Work item: Would you please set down the data again exactly as given, excluding the pictures?

Phrase grounding data:
⁂

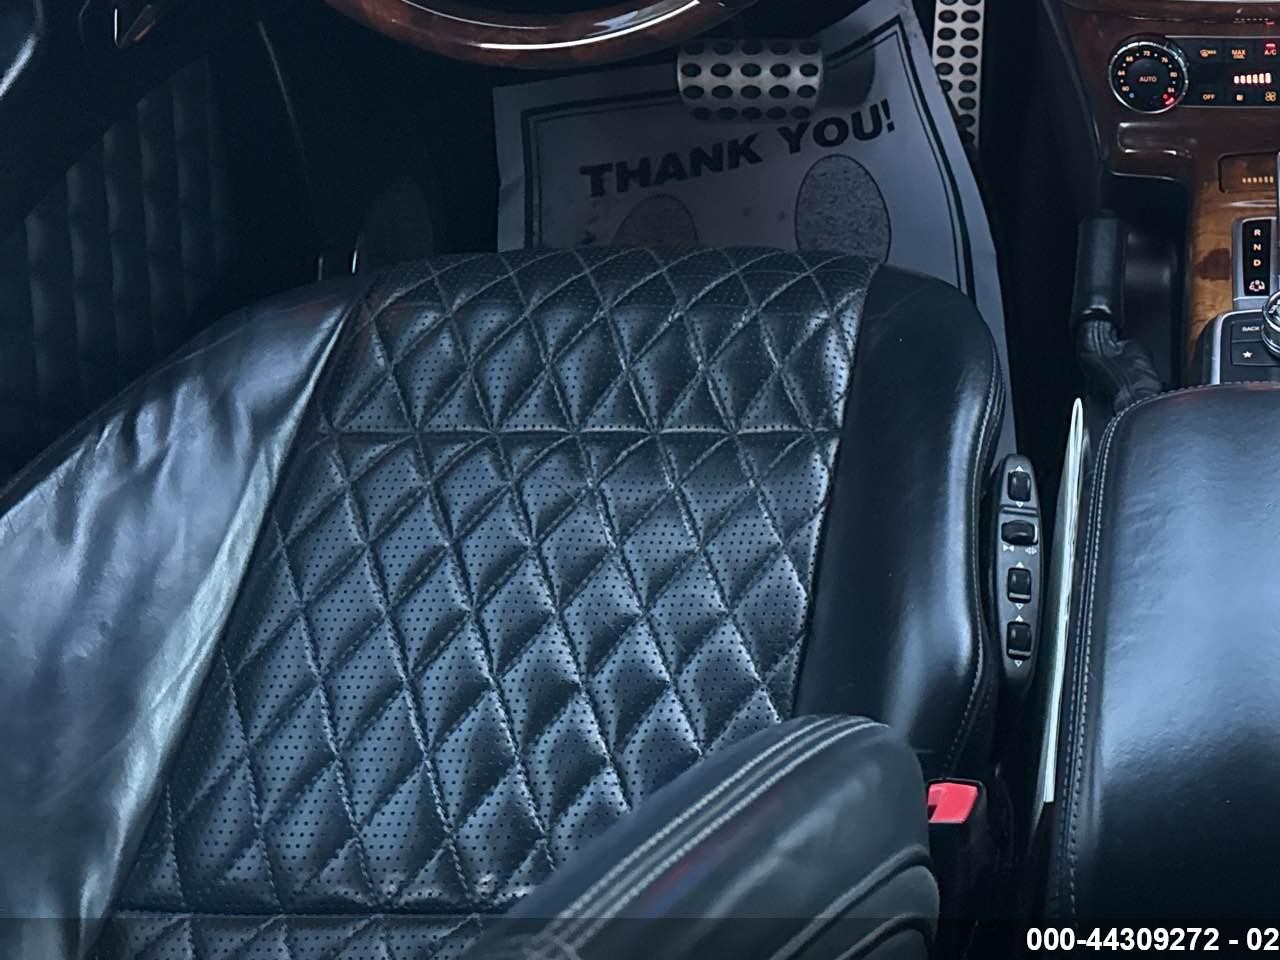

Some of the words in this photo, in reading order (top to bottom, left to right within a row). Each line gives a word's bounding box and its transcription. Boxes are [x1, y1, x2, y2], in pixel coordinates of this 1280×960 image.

[1264, 48, 1278, 56] A/C
[1202, 93, 1215, 101] OFF
[579, 132, 763, 198] THANK
[777, 98, 895, 155] YOU!
[1253, 228, 1261, 237] R
[1253, 243, 1262, 251] N

⁂

Your solution:
Some of the words in this photo, in reading order (top to bottom, left to right within a row). Each line gives a word's bounding box and its transcription. Boxes are [x1, y1, x2, y2], in pixel coordinates of this 1280×960 image.

[1264, 48, 1278, 56] A/C
[1202, 93, 1215, 101] OFF
[579, 132, 763, 198] THANK
[777, 98, 895, 155] YOU!
[1253, 228, 1261, 237] R
[1253, 243, 1262, 251] N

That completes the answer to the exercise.